[How to complete this task]:
Copy all of the records exactly.

[Dataset entries]:
▬▬▬

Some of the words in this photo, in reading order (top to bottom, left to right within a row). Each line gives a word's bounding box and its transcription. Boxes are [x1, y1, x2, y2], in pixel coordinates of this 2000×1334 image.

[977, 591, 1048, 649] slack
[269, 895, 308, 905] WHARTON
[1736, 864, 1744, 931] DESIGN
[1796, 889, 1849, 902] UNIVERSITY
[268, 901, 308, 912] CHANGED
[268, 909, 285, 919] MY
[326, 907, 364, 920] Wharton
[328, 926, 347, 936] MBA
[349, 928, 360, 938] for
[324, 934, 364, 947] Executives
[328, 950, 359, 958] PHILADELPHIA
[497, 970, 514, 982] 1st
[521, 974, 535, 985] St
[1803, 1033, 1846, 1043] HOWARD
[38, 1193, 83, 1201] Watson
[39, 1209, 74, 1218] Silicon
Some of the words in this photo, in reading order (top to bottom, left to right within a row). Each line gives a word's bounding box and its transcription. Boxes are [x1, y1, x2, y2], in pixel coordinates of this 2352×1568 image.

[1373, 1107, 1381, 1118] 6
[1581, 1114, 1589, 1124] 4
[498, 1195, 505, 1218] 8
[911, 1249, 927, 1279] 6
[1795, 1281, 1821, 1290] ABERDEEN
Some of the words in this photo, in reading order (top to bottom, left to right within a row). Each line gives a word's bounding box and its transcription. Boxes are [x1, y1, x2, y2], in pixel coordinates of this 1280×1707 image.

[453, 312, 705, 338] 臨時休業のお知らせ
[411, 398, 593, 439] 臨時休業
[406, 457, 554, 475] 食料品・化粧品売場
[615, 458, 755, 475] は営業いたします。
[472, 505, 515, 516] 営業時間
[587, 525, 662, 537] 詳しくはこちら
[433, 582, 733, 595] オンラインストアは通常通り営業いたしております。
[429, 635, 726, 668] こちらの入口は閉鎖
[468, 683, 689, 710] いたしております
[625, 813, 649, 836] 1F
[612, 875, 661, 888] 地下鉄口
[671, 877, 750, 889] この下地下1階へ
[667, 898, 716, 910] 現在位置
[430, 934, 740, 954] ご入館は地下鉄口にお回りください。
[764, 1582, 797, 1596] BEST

▬▬▬

[Completed exercise]:
Some of the words in this photo, in reading order (top to bottom, left to right within a row). Each line gives a word's bounding box and its transcription. Boxes are [x1, y1, x2, y2], in pixel coordinates of this 2000×1334 image.

[977, 591, 1048, 649] slack
[269, 895, 308, 905] WHARTON
[1736, 864, 1744, 931] DESIGN
[1796, 889, 1849, 902] UNIVERSITY
[268, 901, 308, 912] CHANGED
[268, 909, 285, 919] MY
[326, 907, 364, 920] Wharton
[328, 926, 347, 936] MBA
[349, 928, 360, 938] for
[324, 934, 364, 947] Executives
[328, 950, 359, 958] PHILADELPHIA
[497, 970, 514, 982] 1st
[521, 974, 535, 985] St
[1803, 1033, 1846, 1043] HOWARD
[38, 1193, 83, 1201] Watson
[39, 1209, 74, 1218] Silicon
Some of the words in this photo, in reading order (top to bottom, left to right within a row). Each line gives a word's bounding box and its transcription. Boxes are [x1, y1, x2, y2], in pixel coordinates of this 2352×1568 image.

[1373, 1107, 1381, 1118] 6
[1581, 1114, 1589, 1124] 4
[498, 1195, 505, 1218] 8
[911, 1249, 927, 1279] 6
[1795, 1281, 1821, 1290] ABERDEEN
Some of the words in this photo, in reading order (top to bottom, left to right within a row). Each line gives a word's bounding box and its transcription. Boxes are [x1, y1, x2, y2], in pixel coordinates of this 1280×1707 image.

[453, 312, 705, 338] 臨時休業のお知らせ
[411, 398, 593, 439] 臨時休業
[406, 457, 554, 475] 食料品・化粧品売場
[615, 458, 755, 475] は営業いたします。
[472, 505, 515, 516] 営業時間
[587, 525, 662, 537] 詳しくはこちら
[433, 582, 733, 595] オンラインストアは通常通り営業いたしております。
[429, 635, 726, 668] こちらの入口は閉鎖
[468, 683, 689, 710] いたしております
[625, 813, 649, 836] 1F
[612, 875, 661, 888] 地下鉄口
[671, 877, 750, 889] この下地下1階へ
[667, 898, 716, 910] 現在位置
[430, 934, 740, 954] ご入館は地下鉄口にお回りください。
[764, 1582, 797, 1596] BEST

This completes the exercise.